INFORMATION:
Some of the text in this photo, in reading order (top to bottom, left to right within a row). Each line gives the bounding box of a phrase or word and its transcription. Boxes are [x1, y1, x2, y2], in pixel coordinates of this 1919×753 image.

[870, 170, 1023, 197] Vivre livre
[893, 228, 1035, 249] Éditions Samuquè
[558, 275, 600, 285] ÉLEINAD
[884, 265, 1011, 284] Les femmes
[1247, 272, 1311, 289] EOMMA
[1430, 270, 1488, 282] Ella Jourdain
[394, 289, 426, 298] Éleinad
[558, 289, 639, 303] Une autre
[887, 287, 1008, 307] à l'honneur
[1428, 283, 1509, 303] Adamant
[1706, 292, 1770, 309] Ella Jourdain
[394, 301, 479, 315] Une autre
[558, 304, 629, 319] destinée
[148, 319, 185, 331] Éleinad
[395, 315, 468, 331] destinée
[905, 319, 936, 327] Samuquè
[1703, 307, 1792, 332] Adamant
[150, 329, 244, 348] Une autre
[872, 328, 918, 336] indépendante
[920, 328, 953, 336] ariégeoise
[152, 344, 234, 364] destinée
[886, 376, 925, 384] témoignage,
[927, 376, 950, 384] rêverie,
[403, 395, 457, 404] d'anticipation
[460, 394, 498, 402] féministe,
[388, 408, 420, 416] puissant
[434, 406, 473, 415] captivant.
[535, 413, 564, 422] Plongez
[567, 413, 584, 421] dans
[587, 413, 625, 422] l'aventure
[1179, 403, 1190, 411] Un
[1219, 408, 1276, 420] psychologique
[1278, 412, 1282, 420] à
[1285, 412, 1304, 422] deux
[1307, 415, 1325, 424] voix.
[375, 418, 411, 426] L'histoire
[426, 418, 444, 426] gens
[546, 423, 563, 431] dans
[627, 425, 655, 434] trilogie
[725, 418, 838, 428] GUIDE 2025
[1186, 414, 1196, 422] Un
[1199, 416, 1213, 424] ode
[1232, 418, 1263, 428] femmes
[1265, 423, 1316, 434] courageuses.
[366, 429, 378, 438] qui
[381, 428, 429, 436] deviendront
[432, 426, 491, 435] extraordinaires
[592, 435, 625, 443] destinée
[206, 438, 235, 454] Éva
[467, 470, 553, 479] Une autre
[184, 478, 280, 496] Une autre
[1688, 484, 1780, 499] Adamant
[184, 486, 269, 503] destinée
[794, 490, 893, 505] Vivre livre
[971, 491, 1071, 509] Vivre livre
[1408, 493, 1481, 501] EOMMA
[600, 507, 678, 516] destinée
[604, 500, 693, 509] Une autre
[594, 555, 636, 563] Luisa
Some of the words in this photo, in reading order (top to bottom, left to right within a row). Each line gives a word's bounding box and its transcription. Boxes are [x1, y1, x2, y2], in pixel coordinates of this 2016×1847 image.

TASK TO CARRY OUT: Using the data above, print every record exactly as shown.

EXERCISE SOLUTION:
Some of the text in this photo, in reading order (top to bottom, left to right within a row). Each line gives the bounding box of a phrase or word and its transcription. Boxes are [x1, y1, x2, y2], in pixel coordinates of this 1919×753 image.

[870, 170, 1023, 197] Vivre livre
[893, 228, 1035, 249] Éditions Samuquè
[558, 275, 600, 285] ÉLEINAD
[884, 265, 1011, 284] Les femmes
[1247, 272, 1311, 289] EOMMA
[1430, 270, 1488, 282] Ella Jourdain
[394, 289, 426, 298] Éleinad
[558, 289, 639, 303] Une autre
[887, 287, 1008, 307] à l'honneur
[1428, 283, 1509, 303] Adamant
[1706, 292, 1770, 309] Ella Jourdain
[394, 301, 479, 315] Une autre
[558, 304, 629, 319] destinée
[148, 319, 185, 331] Éleinad
[395, 315, 468, 331] destinée
[905, 319, 936, 327] Samuquè
[1703, 307, 1792, 332] Adamant
[150, 329, 244, 348] Une autre
[872, 328, 918, 336] indépendante
[920, 328, 953, 336] ariégeoise
[152, 344, 234, 364] destinée
[886, 376, 925, 384] témoignage,
[927, 376, 950, 384] rêverie,
[403, 395, 457, 404] d'anticipation
[460, 394, 498, 402] féministe,
[388, 408, 420, 416] puissant
[434, 406, 473, 415] captivant.
[535, 413, 564, 422] Plongez
[567, 413, 584, 421] dans
[587, 413, 625, 422] l'aventure
[1179, 403, 1190, 411] Un
[1219, 408, 1276, 420] psychologique
[1278, 412, 1282, 420] à
[1285, 412, 1304, 422] deux
[1307, 415, 1325, 424] voix.
[375, 418, 411, 426] L'histoire
[426, 418, 444, 426] gens
[546, 423, 563, 431] dans
[627, 425, 655, 434] trilogie
[725, 418, 838, 428] GUIDE 2025
[1186, 414, 1196, 422] Un
[1199, 416, 1213, 424] ode
[1232, 418, 1263, 428] femmes
[1265, 423, 1316, 434] courageuses.
[366, 429, 378, 438] qui
[381, 428, 429, 436] deviendront
[432, 426, 491, 435] extraordinaires
[592, 435, 625, 443] destinée
[206, 438, 235, 454] Éva
[467, 470, 553, 479] Une autre
[184, 478, 280, 496] Une autre
[1688, 484, 1780, 499] Adamant
[184, 486, 269, 503] destinée
[794, 490, 893, 505] Vivre livre
[971, 491, 1071, 509] Vivre livre
[1408, 493, 1481, 501] EOMMA
[600, 507, 678, 516] destinée
[604, 500, 693, 509] Une autre
[594, 555, 636, 563] Luisa
Some of the words in this photo, in reading order (top to bottom, left to right within a row). Each line gives a word's bounding box and its transcription. Boxes are [x1, y1, x2, y2], in pixel coordinates of this 2016×1847 image.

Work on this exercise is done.